▼▼▼
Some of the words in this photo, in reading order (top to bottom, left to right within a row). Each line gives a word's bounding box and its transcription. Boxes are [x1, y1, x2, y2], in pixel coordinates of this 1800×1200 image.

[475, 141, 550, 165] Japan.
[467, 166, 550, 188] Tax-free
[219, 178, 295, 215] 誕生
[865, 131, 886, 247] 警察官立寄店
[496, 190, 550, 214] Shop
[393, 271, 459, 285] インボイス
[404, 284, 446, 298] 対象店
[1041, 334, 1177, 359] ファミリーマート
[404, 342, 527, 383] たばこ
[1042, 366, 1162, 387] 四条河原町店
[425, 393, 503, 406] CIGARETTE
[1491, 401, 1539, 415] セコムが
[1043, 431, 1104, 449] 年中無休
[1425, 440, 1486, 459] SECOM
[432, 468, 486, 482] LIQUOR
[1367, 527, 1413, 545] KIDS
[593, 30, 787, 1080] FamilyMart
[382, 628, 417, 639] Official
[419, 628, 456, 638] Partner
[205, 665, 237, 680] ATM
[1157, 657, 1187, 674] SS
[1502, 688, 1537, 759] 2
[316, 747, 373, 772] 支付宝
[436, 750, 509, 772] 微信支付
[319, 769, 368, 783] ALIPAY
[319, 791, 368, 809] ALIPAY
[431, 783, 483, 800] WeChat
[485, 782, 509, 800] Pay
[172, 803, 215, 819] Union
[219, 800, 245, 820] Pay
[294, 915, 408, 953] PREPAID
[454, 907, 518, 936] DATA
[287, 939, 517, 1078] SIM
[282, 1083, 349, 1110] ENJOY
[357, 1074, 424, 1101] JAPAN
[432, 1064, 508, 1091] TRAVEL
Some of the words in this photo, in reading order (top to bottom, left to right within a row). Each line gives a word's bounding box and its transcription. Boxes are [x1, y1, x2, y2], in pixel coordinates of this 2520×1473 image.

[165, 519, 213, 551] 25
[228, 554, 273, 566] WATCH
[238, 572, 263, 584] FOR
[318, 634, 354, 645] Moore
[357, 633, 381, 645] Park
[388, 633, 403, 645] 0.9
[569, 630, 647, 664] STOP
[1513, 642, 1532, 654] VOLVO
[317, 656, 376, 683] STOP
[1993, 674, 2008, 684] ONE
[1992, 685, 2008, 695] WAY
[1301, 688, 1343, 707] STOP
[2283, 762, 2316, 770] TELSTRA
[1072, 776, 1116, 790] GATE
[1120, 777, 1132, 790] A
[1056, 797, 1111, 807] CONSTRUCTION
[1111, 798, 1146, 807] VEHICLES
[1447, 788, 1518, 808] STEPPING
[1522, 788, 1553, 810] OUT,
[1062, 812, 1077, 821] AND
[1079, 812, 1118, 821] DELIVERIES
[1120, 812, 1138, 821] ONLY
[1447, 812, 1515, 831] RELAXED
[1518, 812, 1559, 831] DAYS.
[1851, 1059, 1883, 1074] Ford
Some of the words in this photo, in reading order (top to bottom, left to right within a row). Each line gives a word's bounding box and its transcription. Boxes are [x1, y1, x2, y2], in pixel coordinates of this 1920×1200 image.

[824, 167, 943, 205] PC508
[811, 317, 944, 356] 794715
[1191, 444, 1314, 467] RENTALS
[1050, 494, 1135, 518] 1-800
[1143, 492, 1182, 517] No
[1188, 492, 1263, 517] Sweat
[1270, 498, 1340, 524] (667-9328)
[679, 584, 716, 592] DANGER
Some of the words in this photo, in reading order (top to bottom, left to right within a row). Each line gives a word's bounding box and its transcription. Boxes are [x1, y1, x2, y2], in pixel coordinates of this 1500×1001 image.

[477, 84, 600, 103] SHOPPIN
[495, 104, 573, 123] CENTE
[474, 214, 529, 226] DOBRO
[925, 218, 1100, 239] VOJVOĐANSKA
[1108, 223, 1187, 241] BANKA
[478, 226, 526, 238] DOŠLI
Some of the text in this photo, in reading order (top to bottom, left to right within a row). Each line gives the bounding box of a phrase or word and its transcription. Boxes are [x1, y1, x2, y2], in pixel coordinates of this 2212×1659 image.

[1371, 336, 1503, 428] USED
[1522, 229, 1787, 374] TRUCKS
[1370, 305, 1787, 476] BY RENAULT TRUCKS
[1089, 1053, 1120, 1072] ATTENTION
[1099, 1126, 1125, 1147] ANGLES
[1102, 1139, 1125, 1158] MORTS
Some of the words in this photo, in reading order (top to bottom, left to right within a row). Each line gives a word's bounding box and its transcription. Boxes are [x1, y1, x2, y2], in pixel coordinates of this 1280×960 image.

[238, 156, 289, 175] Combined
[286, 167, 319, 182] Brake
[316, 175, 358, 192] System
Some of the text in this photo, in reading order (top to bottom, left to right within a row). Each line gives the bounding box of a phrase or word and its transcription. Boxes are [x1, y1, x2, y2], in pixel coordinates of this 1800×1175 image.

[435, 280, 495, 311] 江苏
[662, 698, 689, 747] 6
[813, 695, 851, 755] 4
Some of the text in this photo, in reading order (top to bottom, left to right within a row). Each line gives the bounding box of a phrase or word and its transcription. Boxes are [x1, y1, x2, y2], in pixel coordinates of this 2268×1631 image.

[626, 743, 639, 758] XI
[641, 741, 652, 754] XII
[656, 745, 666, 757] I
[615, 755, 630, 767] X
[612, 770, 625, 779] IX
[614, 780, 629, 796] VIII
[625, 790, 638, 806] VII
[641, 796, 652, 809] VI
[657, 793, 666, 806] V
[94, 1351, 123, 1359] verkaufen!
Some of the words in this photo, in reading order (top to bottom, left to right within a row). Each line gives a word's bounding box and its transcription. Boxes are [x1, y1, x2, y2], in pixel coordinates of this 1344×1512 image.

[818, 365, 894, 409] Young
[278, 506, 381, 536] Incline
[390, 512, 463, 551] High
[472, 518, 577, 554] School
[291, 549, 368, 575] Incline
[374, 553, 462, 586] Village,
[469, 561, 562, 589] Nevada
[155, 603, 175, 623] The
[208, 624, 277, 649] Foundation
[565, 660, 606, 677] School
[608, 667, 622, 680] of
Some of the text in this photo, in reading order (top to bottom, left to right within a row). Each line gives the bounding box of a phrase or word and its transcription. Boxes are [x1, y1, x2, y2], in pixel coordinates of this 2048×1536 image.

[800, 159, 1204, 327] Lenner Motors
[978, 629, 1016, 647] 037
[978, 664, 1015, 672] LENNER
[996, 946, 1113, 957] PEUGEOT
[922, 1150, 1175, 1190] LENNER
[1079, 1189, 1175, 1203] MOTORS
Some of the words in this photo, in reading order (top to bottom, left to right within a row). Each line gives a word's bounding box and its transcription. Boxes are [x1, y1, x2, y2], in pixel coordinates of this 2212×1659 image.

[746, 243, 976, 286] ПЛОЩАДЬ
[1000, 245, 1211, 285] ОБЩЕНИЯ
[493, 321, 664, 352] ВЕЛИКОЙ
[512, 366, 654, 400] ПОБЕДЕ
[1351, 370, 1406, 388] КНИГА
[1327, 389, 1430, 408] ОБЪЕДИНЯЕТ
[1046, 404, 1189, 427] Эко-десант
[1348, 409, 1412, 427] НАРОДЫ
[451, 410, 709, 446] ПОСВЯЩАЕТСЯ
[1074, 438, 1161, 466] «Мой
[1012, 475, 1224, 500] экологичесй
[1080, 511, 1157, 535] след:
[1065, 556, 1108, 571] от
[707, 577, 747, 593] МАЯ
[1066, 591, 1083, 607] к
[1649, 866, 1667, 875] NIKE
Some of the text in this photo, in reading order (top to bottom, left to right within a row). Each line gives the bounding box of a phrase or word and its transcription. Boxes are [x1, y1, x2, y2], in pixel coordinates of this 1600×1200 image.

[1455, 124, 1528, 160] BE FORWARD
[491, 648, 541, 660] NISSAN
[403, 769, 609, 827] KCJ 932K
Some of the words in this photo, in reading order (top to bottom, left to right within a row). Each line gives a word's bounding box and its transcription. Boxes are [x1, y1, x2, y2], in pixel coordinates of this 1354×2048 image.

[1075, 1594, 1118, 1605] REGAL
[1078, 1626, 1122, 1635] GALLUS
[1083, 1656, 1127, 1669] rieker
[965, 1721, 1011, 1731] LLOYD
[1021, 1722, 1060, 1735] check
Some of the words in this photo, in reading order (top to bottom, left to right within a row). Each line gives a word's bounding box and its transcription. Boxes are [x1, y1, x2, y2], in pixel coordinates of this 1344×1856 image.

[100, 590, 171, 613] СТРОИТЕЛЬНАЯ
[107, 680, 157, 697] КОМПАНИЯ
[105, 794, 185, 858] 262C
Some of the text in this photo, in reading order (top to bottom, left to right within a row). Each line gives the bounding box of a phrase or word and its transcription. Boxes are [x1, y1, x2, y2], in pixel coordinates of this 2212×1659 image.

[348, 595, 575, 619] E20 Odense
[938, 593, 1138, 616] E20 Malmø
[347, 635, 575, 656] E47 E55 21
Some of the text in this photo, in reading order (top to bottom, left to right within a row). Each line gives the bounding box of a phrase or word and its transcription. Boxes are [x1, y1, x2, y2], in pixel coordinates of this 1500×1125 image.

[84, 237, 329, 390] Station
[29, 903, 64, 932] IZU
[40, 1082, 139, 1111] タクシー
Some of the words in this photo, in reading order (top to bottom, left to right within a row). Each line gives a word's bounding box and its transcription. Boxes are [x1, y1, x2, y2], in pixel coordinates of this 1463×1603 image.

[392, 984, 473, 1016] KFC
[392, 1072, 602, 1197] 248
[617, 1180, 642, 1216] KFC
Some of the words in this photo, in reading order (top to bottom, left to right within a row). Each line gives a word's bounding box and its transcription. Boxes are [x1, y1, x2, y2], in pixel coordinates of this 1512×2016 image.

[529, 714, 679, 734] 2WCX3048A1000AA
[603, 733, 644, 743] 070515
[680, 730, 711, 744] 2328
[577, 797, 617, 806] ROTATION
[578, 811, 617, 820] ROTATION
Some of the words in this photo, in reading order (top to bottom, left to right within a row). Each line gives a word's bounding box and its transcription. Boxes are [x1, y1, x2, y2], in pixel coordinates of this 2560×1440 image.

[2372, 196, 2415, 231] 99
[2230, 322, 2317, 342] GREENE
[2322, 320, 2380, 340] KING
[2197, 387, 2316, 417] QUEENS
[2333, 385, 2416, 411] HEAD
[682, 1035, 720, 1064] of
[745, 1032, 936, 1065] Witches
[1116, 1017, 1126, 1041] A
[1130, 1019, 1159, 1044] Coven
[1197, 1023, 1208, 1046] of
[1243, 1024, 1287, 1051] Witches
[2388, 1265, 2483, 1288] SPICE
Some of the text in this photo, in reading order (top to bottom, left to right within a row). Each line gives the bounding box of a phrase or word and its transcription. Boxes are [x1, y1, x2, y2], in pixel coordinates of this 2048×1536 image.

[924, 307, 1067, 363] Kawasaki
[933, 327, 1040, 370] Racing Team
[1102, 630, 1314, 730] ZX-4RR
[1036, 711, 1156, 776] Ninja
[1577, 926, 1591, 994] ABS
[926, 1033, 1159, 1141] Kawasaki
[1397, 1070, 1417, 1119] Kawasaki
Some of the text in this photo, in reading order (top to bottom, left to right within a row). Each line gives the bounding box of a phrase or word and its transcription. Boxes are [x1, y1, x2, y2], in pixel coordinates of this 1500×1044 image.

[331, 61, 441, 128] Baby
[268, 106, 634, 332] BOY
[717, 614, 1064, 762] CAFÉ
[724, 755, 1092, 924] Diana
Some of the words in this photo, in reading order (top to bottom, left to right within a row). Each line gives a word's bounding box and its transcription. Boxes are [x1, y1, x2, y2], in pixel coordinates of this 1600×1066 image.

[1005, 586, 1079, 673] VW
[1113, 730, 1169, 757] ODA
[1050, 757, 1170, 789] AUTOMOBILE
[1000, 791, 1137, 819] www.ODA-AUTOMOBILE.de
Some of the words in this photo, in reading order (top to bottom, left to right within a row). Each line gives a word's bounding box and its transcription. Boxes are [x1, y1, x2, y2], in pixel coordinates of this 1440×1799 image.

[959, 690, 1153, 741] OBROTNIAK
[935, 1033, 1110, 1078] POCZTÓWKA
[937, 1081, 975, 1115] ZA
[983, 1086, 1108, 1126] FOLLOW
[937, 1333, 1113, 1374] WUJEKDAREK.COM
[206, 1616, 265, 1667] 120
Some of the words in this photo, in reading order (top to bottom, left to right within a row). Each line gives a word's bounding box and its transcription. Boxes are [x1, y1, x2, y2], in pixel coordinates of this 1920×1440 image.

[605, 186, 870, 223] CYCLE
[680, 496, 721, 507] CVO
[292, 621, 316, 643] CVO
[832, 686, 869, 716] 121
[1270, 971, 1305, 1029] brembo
▲▲▲
**Work task**:
Return, unchanged, each line from the line containing "this 1500×1044 image." through the last line of the material.

**Completed exercise**:
Some of the text in this photo, in reading order (top to bottom, left to right within a row). Each line gives the bounding box of a phrase or word and its transcription. Boxes are [x1, y1, x2, y2], in pixel coordinates of this 1500×1044 image.

[331, 61, 441, 128] Baby
[268, 106, 634, 332] BOY
[717, 614, 1064, 762] CAFÉ
[724, 755, 1092, 924] Diana
Some of the words in this photo, in reading order (top to bottom, left to right within a row). Each line gives a word's bounding box and its transcription. Boxes are [x1, y1, x2, y2], in pixel coordinates of this 1600×1066 image.

[1005, 586, 1079, 673] VW
[1113, 730, 1169, 757] ODA
[1050, 757, 1170, 789] AUTOMOBILE
[1000, 791, 1137, 819] www.ODA-AUTOMOBILE.de
Some of the words in this photo, in reading order (top to bottom, left to right within a row). Each line gives a word's bounding box and its transcription. Boxes are [x1, y1, x2, y2], in pixel coordinates of this 1440×1799 image.

[959, 690, 1153, 741] OBROTNIAK
[935, 1033, 1110, 1078] POCZTÓWKA
[937, 1081, 975, 1115] ZA
[983, 1086, 1108, 1126] FOLLOW
[937, 1333, 1113, 1374] WUJEKDAREK.COM
[206, 1616, 265, 1667] 120
Some of the words in this photo, in reading order (top to bottom, left to right within a row). Each line gives a word's bounding box and its transcription. Boxes are [x1, y1, x2, y2], in pixel coordinates of this 1920×1440 image.

[605, 186, 870, 223] CYCLE
[680, 496, 721, 507] CVO
[292, 621, 316, 643] CVO
[832, 686, 869, 716] 121
[1270, 971, 1305, 1029] brembo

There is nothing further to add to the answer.